To manage these Blocks, Libplanet offers a class called BlockChain<T>. This class allows game developers to:
- Create and register Transactions that contain desired Actions.
- Mine Blocks with registered Transactions.
- Inquire State obtained by evaluating Blocks.
One way for game developers to reflect the State of the game is by using BlockChain<T>.GetState().

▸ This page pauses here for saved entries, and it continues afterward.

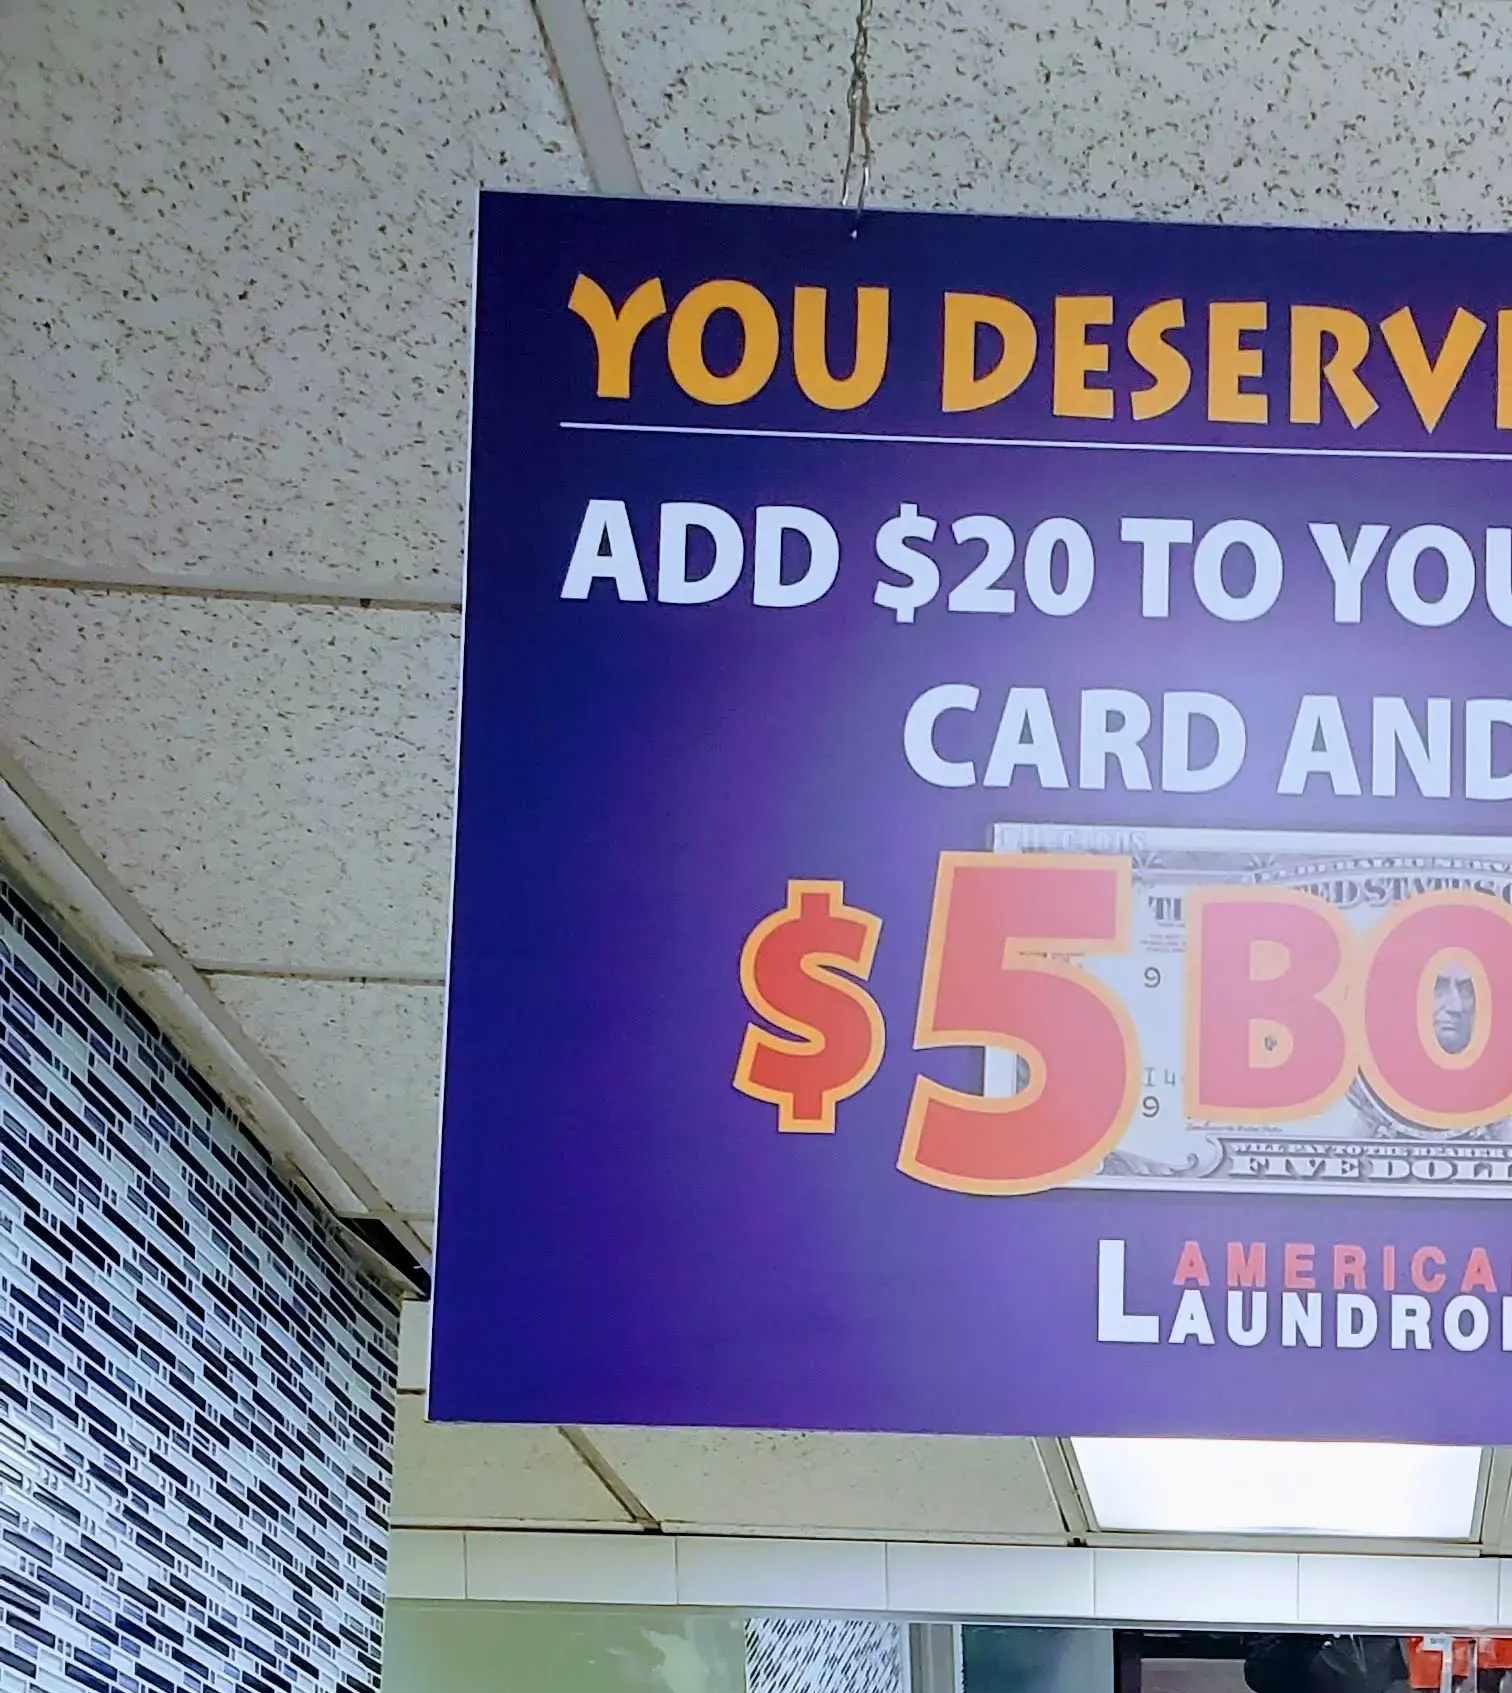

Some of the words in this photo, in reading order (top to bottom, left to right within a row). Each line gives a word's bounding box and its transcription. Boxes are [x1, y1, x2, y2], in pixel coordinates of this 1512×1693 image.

[569, 271, 890, 410] YOU
[560, 498, 840, 608] ADD
[873, 503, 1095, 623] $20
[1120, 516, 1284, 622] TO
[903, 683, 1247, 792] CARD
[732, 851, 1141, 1196] $5

public class Game : MonoBehaviour
{
private BlockChain<Action> _blockChain;
private static void UpdateScore(long score)
{
// Update player's score in game.
}
// MonoBehaviour.Awake()
private void Awake()
{
UpdateScore((long?) _blockChain.GetState(playerAddress) ?? 0);
}
}State transition occurs after a Block containing an Action is added and confirmed to the chain. The code above is suboptimal because you are polling the BlockChain<T> object to see if a specific Action has been reflected.
public class Game : MonoBehaviour
{
// ...
private IEnumerator CoScoreUpdater()
{
while (true)
{
UpdateScore((long?) _blockChain.GetState(playerAddress) ?? 0);
yield return new WaitForSeconds(1f);
}
}
// MonoBehaviour.Awake()
private void Awake()
{
StartCoroutine(CoScoreUpdater());
}
}Although this method works, there are still some problems because reflecting the State of the game depends only on time, regardless of whether the action is processed or not.
- If the wait time is long, the interval between States being reflected in the game is also extended, and if it becomes too short, frequent State checks makes the process inefficient.
- If multiple actions were executed in a short period of time, they would not be handled accurately.
Libplanet provides a rendering mechanism called IAction.Render() to solve this problem. IAction.Render() is called after a Block with the corresponding Actions is confirmed and the State is transitioned. The following code has been re-implemented using IAction.Render().
public class Win : IAction
{
// ...
public override void Render(IActioncontext ctx, IAccountstatedelta nextStates)
{
Game.UpdateScore((long?) nextStates.GetState())
}
}Libplanet has the feature to store Blocks and Transactions, as well as sharing them across other nodes in the P2P network. Game developers can use the Swarm<T> class to propagate or receive Blocks from other nodes in the network.
Also, because the network is a P2P network without a central server, Swarm<T> also does not need a specific server, however, it is necessary to specify a seed node with a specific address to configure the network. These seed nodes are completely the same as other nodes, except that they must have an IP address or domain accessible from the Internet.